• ACTIVITY
Every entry needs to be written out again exactly, with its pictures removed.

(Collected data)

--- START ---

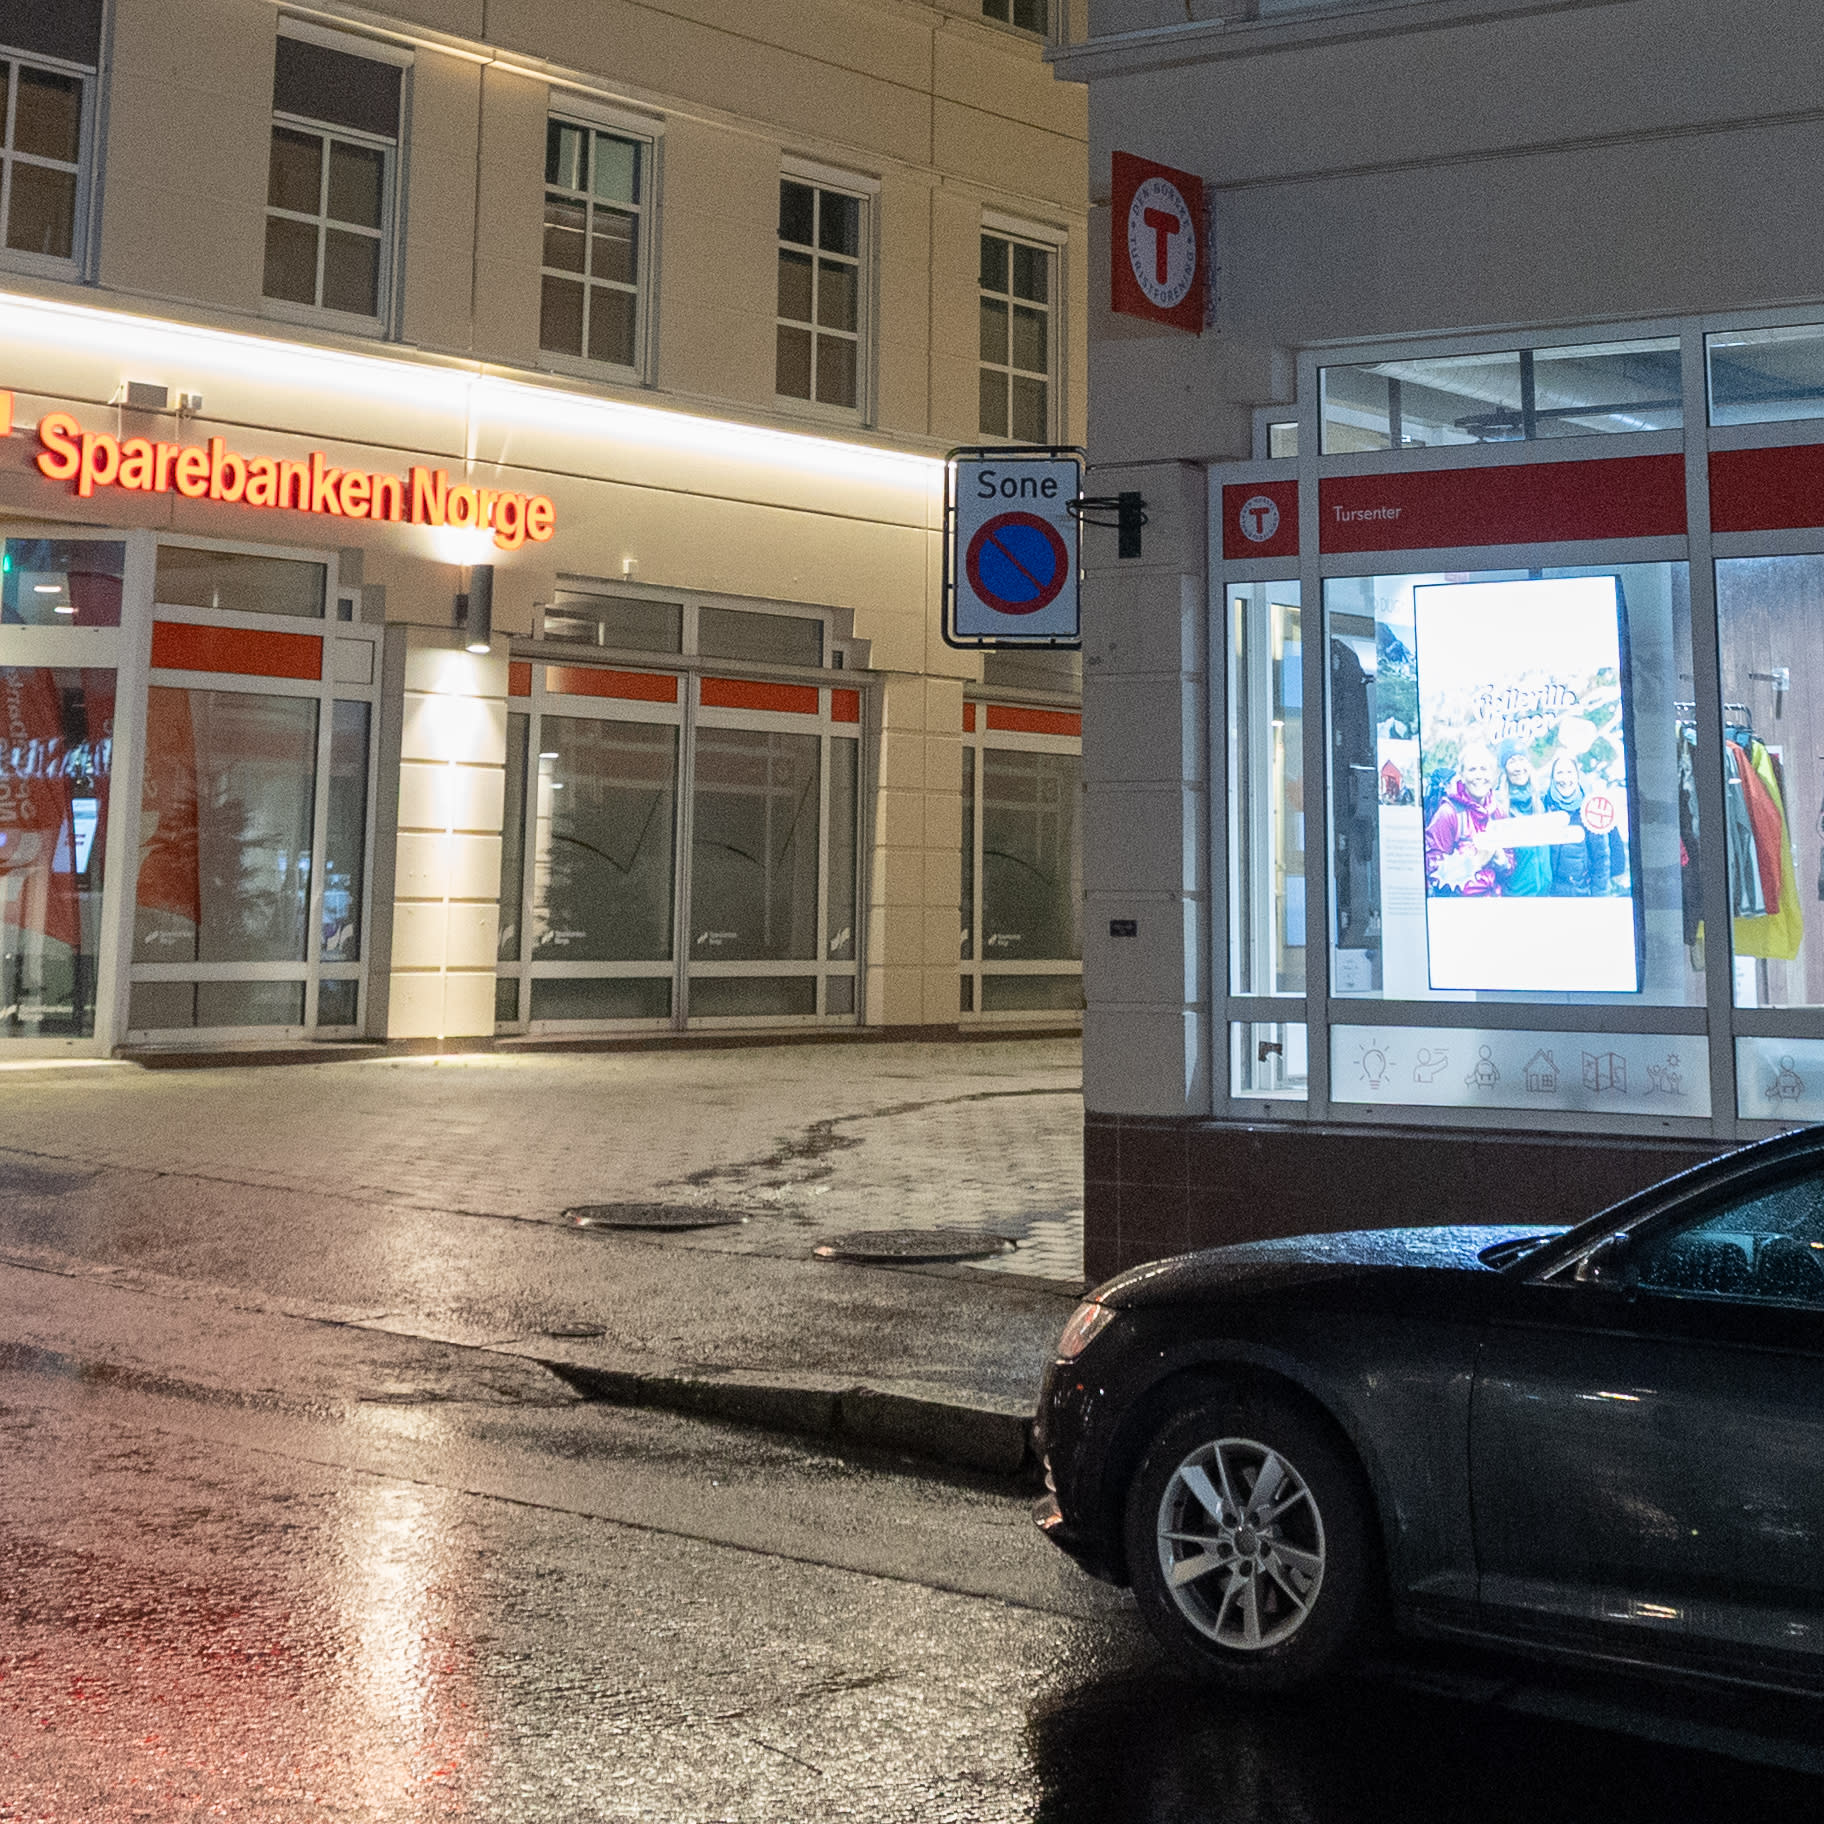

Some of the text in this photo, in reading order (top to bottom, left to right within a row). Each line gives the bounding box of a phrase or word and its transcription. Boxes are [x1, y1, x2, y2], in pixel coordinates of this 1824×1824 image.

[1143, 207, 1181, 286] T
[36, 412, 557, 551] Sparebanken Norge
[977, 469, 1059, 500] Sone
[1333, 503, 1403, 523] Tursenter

--- END ---

• RESPONSE FOR THIS EXERCISE
Some of the text in this photo, in reading order (top to bottom, left to right within a row). Each line gives the bounding box of a phrase or word and its transcription. Boxes are [x1, y1, x2, y2], in pixel coordinates of this 1824×1824 image.

[1143, 207, 1181, 286] T
[36, 412, 557, 551] Sparebanken Norge
[977, 469, 1059, 500] Sone
[1333, 503, 1403, 523] Tursenter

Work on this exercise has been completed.